25.10.13

 

Soy visceral e incapaz de escribir sin un punto de ironía. Estos dos factores juntos pueden hacer que en ocasiones me salgan escritos tal vez pelín duros e incluso hirientes. Es el problema que tiene el picante: difícil encontrar el punto justo que alegre pero que no queme el paladar. Más difícil aún dar en el gusto a todos: desde aquel que pide su plato con picante nulo hasta el amante de comer entre lágrimas de satisfacción.

Lectores me dicen que aunque sea cierto lo que digo, y la valoración de las cosas o las ideas que expongo irreprochable con la doctrina de la Iglesia en la mano, en ocasiones me pierden las formas: duras, irónicas, fuertes, con su punto de autosuficiencia. Pues no digo que no, ni me voy a disculpar con el sabido “el celo de tu casa me consume” que me autorice a empuñar el látigo de la dialéctica.

Aún sabiendo que forma y fondo son parte de un matrimonio indisoluble, más me preocuparían los errores en el fondo, porque eso querría decir que en dogma, moral, liturgia o vida pastoral uno anda patinando, y eso sí que tiene su peligro: confundir al personal, y eso sí que es algo que no podría perdonarme. Pero parece que problemas de fondo no hay. Bendito sea Dios. ¿Y las formas? Pues siempre opinables, mientras nos mantengamos dentro de los límites de la caridad cristiana, cosa que tal vez no siempre consiga.

Es curioso como un mismo post igual suscita el aplauso por lo atinado del fondo y la forma distendida, irónica, contundente, que el mayor de los rechazos en lo que se interpreta como autosuficiencia y falta de caridad. Lo que decíamos del picante. Que vaya usted a saber cuál es la dosis justa para cada cual. Es decir, necesitamos un buen guisado como principio: carne de calidad, patatas en su punto, tiempo de cocción exacto, aderezo ad hoc. Eso que no falte. Luego podemos hablar de punto de sal y picante, que cada cual sabrá.

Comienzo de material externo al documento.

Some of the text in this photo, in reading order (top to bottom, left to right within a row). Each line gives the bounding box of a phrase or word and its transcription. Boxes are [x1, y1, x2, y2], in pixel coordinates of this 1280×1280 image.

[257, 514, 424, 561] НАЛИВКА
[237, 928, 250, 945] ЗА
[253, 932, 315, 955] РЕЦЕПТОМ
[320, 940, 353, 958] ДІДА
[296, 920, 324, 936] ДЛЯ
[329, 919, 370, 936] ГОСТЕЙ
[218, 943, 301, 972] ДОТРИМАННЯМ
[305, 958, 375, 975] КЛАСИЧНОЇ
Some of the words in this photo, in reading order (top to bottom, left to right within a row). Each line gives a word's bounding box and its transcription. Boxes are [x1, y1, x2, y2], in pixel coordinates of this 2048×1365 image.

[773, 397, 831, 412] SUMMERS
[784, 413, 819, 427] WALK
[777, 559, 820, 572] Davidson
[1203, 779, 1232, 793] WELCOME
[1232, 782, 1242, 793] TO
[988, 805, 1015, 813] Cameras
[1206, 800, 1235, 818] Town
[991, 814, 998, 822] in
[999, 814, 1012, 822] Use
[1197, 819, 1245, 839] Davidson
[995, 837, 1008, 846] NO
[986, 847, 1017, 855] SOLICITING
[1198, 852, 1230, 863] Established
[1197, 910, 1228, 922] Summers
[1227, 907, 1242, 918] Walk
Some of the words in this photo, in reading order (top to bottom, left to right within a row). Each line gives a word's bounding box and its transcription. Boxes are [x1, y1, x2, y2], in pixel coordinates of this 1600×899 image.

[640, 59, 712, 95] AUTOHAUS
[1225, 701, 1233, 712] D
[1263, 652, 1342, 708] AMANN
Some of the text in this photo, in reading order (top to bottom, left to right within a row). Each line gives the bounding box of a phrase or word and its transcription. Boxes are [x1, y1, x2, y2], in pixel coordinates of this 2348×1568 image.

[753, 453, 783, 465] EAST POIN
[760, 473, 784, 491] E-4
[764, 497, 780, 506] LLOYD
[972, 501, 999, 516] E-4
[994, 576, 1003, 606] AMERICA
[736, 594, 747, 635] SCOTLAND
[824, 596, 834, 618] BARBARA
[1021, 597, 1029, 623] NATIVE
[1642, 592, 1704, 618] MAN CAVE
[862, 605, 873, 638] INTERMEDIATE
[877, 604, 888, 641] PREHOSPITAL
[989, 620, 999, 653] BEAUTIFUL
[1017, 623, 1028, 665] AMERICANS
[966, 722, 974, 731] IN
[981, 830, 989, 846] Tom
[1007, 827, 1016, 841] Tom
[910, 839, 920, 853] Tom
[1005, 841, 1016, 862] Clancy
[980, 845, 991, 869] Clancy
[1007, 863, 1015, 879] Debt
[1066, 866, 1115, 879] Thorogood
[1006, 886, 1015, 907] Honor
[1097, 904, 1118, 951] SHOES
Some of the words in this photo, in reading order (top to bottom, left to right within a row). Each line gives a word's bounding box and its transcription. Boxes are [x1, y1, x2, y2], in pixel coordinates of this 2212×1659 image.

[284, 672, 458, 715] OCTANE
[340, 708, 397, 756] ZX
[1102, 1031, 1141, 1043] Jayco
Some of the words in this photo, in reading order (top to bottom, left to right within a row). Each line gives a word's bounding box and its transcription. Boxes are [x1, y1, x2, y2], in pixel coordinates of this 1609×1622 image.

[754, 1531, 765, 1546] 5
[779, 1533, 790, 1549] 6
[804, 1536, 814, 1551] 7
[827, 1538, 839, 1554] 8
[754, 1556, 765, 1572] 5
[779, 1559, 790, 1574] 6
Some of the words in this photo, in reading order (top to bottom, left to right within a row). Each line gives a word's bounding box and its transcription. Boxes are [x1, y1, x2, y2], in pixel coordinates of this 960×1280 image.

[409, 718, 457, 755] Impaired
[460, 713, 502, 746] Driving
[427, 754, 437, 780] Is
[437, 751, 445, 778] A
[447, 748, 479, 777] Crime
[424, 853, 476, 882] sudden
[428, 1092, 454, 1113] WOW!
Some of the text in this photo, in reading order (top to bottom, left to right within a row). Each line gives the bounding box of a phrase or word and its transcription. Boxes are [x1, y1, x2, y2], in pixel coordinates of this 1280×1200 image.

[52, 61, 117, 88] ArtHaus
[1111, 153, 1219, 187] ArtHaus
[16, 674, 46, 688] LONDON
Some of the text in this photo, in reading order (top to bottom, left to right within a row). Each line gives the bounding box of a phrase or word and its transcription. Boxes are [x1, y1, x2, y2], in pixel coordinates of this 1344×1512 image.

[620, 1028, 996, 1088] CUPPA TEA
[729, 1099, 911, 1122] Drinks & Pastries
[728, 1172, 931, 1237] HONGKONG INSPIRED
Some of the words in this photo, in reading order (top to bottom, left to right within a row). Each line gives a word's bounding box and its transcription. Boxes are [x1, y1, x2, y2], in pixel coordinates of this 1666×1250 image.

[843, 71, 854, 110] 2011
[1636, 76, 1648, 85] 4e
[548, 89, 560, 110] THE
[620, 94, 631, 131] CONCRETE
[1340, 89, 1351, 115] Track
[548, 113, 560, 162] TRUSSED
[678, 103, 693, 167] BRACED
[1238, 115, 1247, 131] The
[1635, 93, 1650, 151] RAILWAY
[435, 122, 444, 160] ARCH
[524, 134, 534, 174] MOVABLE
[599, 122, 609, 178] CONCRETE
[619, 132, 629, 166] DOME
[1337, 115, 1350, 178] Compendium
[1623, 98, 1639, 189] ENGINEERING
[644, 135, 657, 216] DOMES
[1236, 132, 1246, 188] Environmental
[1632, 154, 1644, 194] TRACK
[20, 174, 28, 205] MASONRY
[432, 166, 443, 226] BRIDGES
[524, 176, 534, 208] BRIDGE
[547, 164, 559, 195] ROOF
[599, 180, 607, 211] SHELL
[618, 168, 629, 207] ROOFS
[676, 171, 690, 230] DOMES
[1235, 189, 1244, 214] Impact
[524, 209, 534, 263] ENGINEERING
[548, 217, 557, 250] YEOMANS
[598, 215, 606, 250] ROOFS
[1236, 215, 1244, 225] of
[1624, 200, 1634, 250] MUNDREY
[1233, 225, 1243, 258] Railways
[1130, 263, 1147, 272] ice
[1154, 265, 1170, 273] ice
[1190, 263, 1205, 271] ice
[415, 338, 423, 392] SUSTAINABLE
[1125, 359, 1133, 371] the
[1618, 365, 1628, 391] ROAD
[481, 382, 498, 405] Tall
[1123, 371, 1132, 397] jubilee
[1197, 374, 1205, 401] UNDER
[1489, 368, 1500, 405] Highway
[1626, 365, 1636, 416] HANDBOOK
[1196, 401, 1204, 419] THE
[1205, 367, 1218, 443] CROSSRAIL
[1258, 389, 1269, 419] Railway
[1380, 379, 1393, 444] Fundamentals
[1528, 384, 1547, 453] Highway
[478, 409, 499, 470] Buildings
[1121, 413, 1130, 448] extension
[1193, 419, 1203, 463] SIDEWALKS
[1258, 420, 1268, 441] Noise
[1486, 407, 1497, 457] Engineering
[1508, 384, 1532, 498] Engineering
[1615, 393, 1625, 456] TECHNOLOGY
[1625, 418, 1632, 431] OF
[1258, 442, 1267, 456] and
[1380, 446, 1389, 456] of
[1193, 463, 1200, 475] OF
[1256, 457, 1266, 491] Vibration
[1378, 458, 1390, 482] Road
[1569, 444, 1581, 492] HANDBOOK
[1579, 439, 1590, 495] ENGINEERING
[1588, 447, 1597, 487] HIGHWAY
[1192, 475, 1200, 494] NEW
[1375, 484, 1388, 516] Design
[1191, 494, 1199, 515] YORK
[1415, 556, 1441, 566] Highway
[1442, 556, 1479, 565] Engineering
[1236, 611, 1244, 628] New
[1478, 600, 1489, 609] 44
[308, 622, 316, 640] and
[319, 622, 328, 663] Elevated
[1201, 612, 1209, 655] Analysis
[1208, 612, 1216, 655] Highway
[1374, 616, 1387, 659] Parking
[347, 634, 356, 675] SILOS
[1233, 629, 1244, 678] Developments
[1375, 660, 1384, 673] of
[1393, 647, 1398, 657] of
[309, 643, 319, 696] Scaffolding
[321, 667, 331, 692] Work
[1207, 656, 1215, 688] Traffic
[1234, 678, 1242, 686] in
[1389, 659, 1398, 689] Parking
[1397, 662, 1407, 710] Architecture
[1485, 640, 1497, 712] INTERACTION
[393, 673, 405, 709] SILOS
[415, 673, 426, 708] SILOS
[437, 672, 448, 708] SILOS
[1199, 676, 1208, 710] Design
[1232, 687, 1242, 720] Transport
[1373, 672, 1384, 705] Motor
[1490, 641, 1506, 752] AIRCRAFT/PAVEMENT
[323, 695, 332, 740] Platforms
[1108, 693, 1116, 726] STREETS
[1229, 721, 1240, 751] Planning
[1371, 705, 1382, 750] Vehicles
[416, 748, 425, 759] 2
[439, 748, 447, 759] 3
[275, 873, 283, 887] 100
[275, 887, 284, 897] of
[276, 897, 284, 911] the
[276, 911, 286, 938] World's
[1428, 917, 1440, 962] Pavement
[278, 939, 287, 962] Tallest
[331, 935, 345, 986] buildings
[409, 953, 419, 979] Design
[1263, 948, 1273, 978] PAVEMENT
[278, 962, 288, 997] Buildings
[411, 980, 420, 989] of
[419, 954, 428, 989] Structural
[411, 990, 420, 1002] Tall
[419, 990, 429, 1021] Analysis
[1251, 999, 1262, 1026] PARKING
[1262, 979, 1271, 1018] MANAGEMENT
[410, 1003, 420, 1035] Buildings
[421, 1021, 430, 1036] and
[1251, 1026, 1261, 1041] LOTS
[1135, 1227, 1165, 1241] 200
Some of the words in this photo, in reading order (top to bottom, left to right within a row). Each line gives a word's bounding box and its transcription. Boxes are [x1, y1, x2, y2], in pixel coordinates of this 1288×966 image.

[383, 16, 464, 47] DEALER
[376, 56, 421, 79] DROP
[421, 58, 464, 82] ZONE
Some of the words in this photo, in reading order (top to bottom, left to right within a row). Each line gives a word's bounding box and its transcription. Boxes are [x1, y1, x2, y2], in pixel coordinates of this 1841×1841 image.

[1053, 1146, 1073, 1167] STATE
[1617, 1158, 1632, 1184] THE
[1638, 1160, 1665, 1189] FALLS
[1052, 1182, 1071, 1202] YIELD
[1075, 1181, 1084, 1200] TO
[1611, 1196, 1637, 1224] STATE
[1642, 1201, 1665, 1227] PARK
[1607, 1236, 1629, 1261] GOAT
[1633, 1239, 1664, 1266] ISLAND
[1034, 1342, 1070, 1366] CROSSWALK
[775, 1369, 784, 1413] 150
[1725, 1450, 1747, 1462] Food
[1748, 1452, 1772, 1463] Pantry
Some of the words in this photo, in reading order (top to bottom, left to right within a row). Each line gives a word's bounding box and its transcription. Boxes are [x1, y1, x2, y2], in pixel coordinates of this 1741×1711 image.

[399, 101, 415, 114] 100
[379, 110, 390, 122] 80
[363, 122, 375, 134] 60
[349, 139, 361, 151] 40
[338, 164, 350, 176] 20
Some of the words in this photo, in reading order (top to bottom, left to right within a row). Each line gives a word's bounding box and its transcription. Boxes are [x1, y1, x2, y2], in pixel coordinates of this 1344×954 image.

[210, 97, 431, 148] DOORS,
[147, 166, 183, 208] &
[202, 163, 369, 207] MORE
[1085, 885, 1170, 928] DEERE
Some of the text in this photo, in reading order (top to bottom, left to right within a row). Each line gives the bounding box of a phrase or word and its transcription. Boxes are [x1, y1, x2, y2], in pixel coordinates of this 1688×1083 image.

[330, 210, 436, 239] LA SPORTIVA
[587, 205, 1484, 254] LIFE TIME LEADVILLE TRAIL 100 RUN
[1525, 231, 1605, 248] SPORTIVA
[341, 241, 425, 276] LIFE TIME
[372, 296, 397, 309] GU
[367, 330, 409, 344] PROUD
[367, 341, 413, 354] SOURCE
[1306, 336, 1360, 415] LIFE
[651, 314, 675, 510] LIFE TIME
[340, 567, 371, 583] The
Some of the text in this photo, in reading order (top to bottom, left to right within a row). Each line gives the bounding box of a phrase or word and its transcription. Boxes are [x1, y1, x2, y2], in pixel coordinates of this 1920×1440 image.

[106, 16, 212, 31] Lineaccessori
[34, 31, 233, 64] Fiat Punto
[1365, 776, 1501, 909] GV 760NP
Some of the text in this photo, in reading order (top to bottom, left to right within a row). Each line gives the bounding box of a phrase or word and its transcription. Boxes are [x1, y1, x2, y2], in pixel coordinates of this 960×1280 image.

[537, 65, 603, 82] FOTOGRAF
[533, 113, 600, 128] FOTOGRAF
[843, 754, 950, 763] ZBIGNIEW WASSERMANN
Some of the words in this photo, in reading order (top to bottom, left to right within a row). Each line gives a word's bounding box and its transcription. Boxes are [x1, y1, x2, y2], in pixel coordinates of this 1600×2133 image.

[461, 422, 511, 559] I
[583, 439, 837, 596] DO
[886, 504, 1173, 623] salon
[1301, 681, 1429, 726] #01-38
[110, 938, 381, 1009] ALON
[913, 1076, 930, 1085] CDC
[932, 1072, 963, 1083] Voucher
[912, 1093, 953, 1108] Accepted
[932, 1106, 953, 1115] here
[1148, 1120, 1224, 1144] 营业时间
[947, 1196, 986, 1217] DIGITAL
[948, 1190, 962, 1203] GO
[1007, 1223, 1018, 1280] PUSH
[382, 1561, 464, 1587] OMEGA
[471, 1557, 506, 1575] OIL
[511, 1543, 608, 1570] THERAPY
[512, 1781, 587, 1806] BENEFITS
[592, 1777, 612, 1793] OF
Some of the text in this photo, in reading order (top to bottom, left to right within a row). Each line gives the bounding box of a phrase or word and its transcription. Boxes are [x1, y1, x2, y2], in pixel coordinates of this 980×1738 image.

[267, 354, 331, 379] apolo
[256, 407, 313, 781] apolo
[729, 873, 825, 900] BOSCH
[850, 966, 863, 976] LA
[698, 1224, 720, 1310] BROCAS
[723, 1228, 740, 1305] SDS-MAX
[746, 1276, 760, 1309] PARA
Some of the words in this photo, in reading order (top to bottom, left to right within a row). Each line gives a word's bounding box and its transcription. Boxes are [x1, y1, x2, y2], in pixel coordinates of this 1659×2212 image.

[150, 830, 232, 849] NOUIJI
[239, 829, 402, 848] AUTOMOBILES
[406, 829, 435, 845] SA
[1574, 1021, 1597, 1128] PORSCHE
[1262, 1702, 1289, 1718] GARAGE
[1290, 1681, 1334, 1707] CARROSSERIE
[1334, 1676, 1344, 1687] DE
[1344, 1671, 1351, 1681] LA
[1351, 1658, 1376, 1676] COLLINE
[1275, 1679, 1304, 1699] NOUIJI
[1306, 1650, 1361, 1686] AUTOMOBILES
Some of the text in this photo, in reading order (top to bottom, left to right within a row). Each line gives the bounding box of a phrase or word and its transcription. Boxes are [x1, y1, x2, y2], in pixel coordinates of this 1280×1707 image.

Hay lectores que me dicen que por encima de todo hay que cuidar la forma de decir las cosas. No estoy de acuerdo. Porque con lenguaje suave, melifluo, agradable, podemos decir auténticos disparates que justo porque van envueltos en palabras dulces, se tragan como si fueran caramelos y lo son, pero envenenados. Con guante de seda se pueden dar las peores puñaladas. Con los versos más bellos podemos cantar al demonio y anunciar esa gran dictadura del relativismo. Cuántas veces leo cosas externamente bellas y aparentemente amables que encierran la nada más absoluta.

Cuando hay un incendio, un atraco, un accidente, un peligro inminente, uno no siempre controla el lenguaje, y lo que sale es gritar “fuego”, “al ladrón”, “peligro”. Es fuerte, pero es que si no es así no hacemos nada. Pasa igual en las cosas de la fe. Si ves con claridad el engaño, el fraude, la doctrina falaz revestida de oropeles, y el celo por las cosas del Señor te abrasa, a lo mejor lo que te sale no es solo decir bueno, quizá no sea del todo correcto, habría que matizar… sino directamente decir: es un fraude y el que lo propaga un cantamañanas. Con lo otro se puede dudar, con esto, la cosa queda clara.

¿Y la caridad cristiana? La caridad mayor es la de anunciar el evangelio con verdad y con fidelidad, anunciar la doctrina de la Iglesia y no mis invenciones. Caridad es denunciar el engaño, poner al descubierto lo errado. La mayor falta de caridad no es la de decirle a uno cantamañanas, que quizá no esté del todo bien, sino ver el error y callar encima. Es como si al ver un atraco, le sueltas un mamporro al atracador y encima te acusan de falta de caridad. Falta de caridad hubiera sido tolerar el atraco, sobre todo hacia la víctima.

No. No quiero justificarme. No digo que en ocasiones no deba cuidar un poco más las formas. Pero si el fondo es correcto las formas ya saben: es la cantidad de picante. Y sobre gustos qué les voy a decir.